Indian equity benchmarks rose on Wednesday to extend their rally for the fourth straight day, even as world stocks started to reverse their recent surge and fall as investor sentiment was caught between positive earnings reports and fears that further indications of continued, robust inflation will keep major central banks firmly in aggressive rate-hike mode.
The BSE Sensex index rose146.59 points to end at 59,107.19, and the broader NSE Nifty advanced 25.30 points to 17,512.25, marking a rise in both those benchmark indexes for the fourth day in a row.
Nestle, HDFC, Axis Bank, Reliance Industries, ITC, HDFC Bank, and UltraTech Cement were the major winners of the Sensex pack.
The laggards included NTPC, State Bank of India, Bajaj Finserv, HCL Technologies, Dr Reddy's, Infosys, and Maruti.
The reversal in risk sentiment came after data revealed that higher food costs had sent British inflation back to a 40-year high of 10.1 per cent, adding pressure on the Bank of England to adopt an even more aggressive rate hike path.
Neel Kashkari, President of the Minneapolis Federal Reserve Bank, indicated late on Tuesday that the Fed may need to raise its benchmark interest rate above 4.75 per cent if underlying inflation continues to rise.
Still, Wall Street equities were expected to open higher as concerns about a dismal earnings season caused by rising borrowing prices and soaring inflation have been allayed by positive reports this week from companies including Goldman Sachs, Bank of America, and Johnson & Johnson.

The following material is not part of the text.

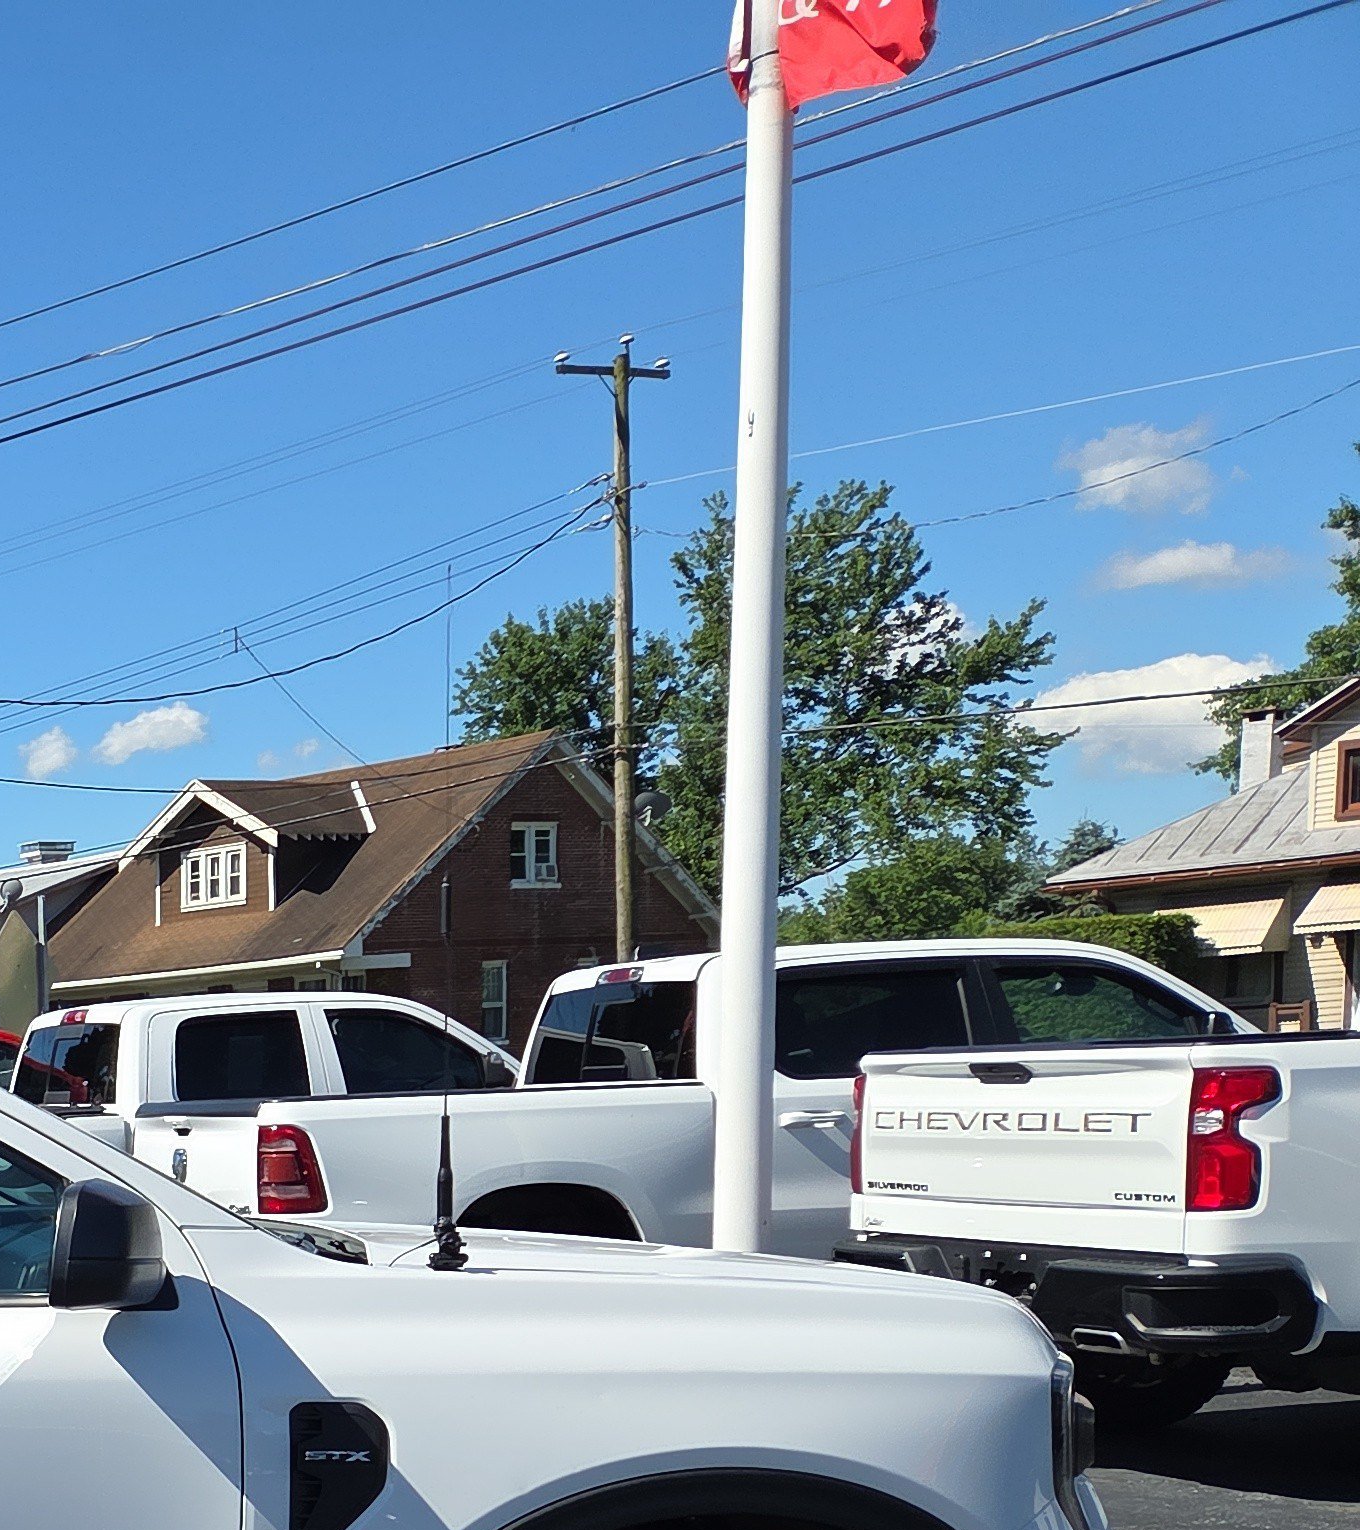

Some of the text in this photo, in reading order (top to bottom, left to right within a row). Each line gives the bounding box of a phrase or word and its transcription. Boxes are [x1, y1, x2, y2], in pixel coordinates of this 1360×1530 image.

The S&P 500 stock index has increased by more than 6 per cent since last week's almost two-year lows.
But the STOXX 600 index for all of Europe fell 0.3 per cent.
"What is reassuring is that in an environment which has been very difficult for equity markets over the past few weeks, is that you have (earnings) numbers that are turning out positive," Francois Savary, Chief Investment Officer at Prime Partners, told Reuters.
"Is it going to last? We need to focus on the guidance, and also, we are still living with this interest rate environment that is very volatile, and that means it's difficult to see the market pushing higher."